-- Opening Marker --

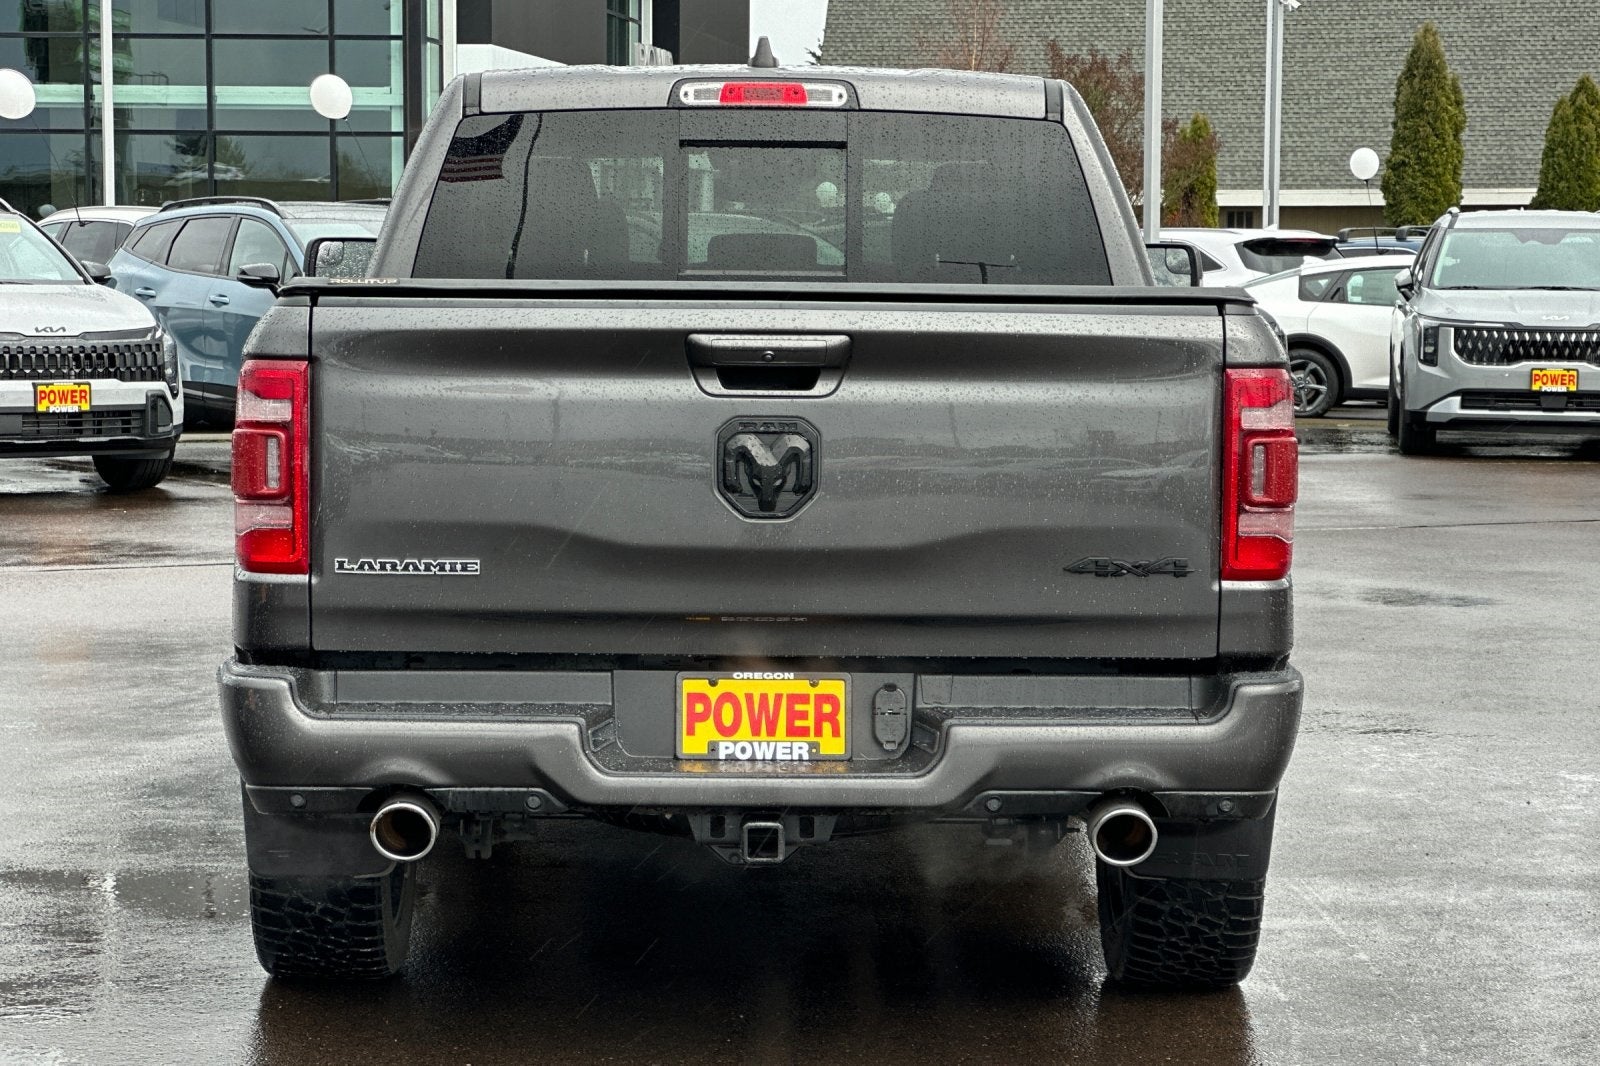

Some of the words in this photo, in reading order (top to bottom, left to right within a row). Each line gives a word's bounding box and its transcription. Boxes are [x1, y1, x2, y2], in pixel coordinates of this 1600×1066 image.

[1533, 374, 1576, 386] POWER
[38, 389, 88, 405] POWER
[738, 422, 798, 432] RAM
[335, 558, 480, 574] LARAMIE
[732, 672, 795, 680] OREGON
[685, 691, 842, 738] POWER
[718, 741, 809, 760] POWER
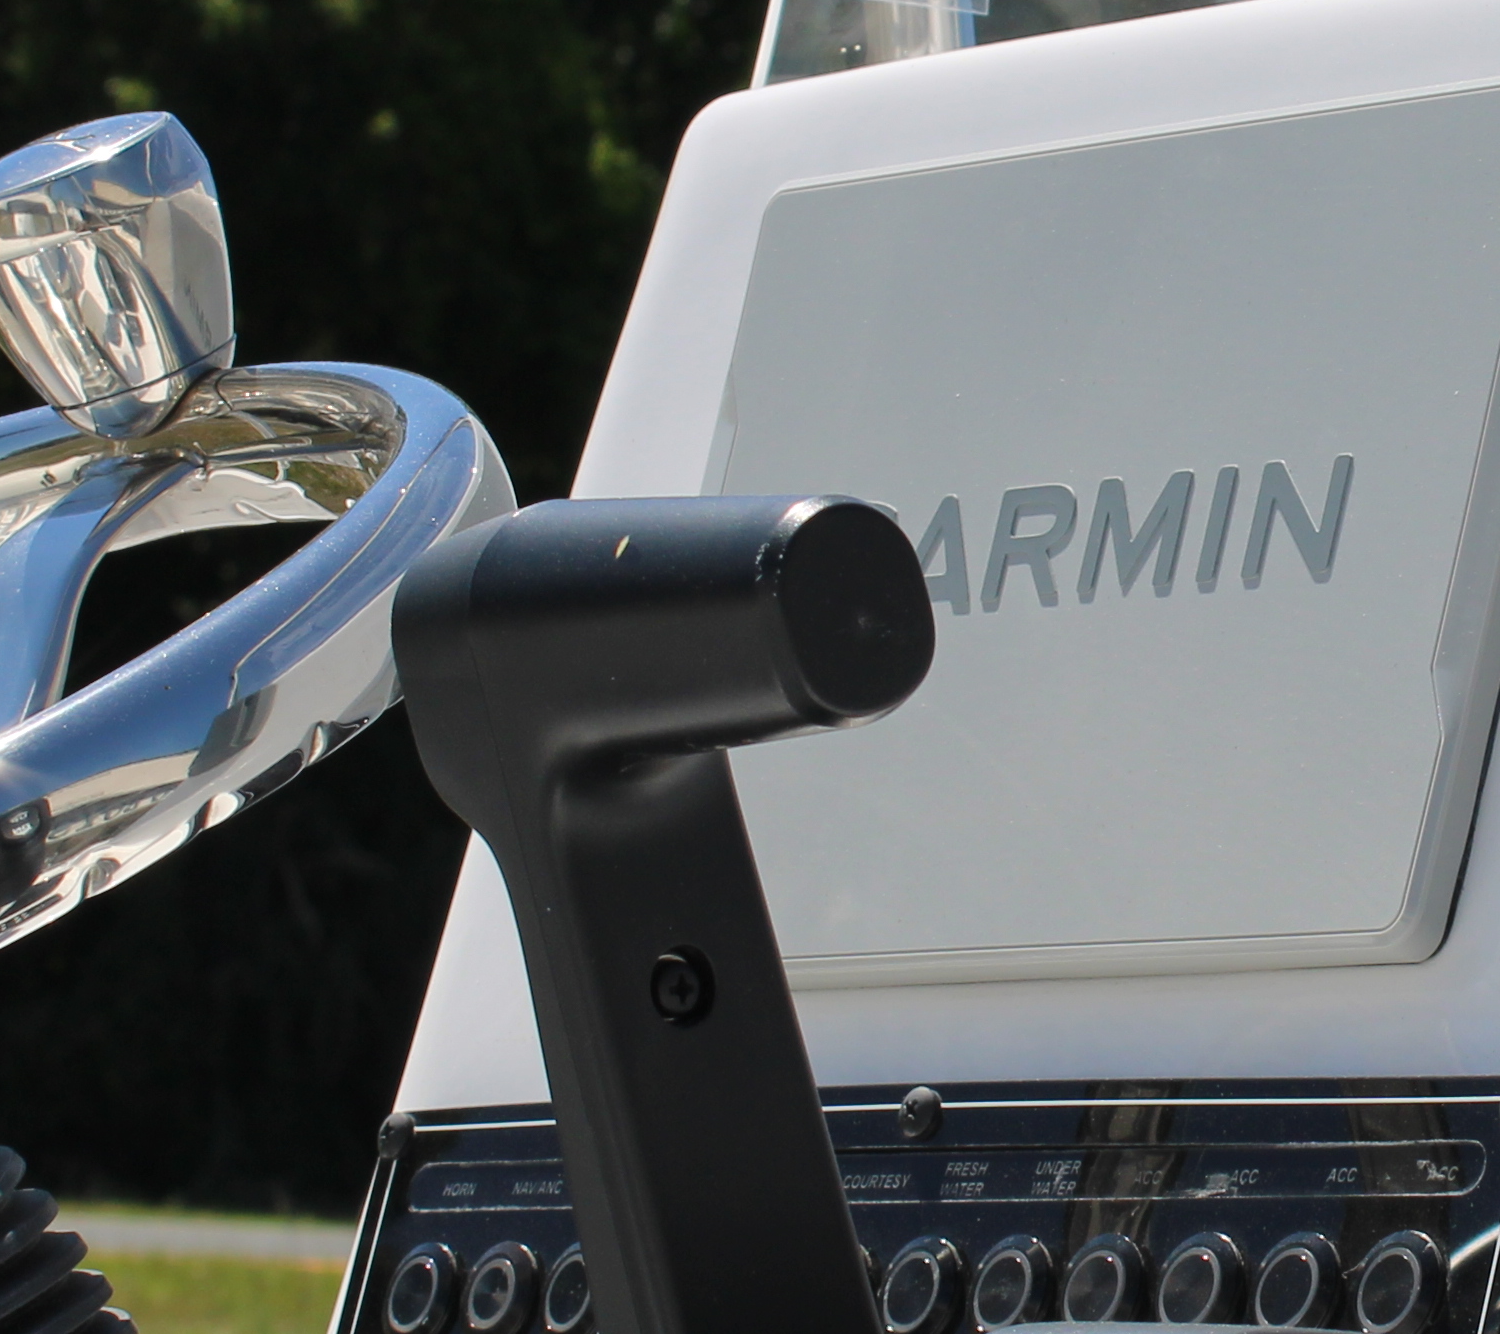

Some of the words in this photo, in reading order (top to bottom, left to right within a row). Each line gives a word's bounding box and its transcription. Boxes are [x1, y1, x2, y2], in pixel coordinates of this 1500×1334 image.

[918, 452, 1354, 614] ARMIN
[945, 1161, 989, 1177] FRESH
[1035, 1160, 1082, 1175] UNDER
[1326, 1167, 1358, 1183] ACC
[843, 1174, 911, 1189] COURTESY
[1134, 1170, 1162, 1185] ACC
[1229, 1169, 1260, 1186] ACC
[442, 1182, 477, 1196] HORN
[939, 1182, 985, 1197] WATER
[1031, 1181, 1077, 1196] WATER

-- Closing Marker --

EXERCISE PROMPT – Your answer must be the line holding "this 1500×1334 image." plus every later line to the end of the records, copied exactly.

RESULT BELOW –
Some of the words in this photo, in reading order (top to bottom, left to right within a row). Each line gives a word's bounding box and its transcription. Boxes are [x1, y1, x2, y2], in pixel coordinates of this 1500×1334 image.

[918, 452, 1354, 614] ARMIN
[945, 1161, 989, 1177] FRESH
[1035, 1160, 1082, 1175] UNDER
[1326, 1167, 1358, 1183] ACC
[843, 1174, 911, 1189] COURTESY
[1134, 1170, 1162, 1185] ACC
[1229, 1169, 1260, 1186] ACC
[442, 1182, 477, 1196] HORN
[939, 1182, 985, 1197] WATER
[1031, 1181, 1077, 1196] WATER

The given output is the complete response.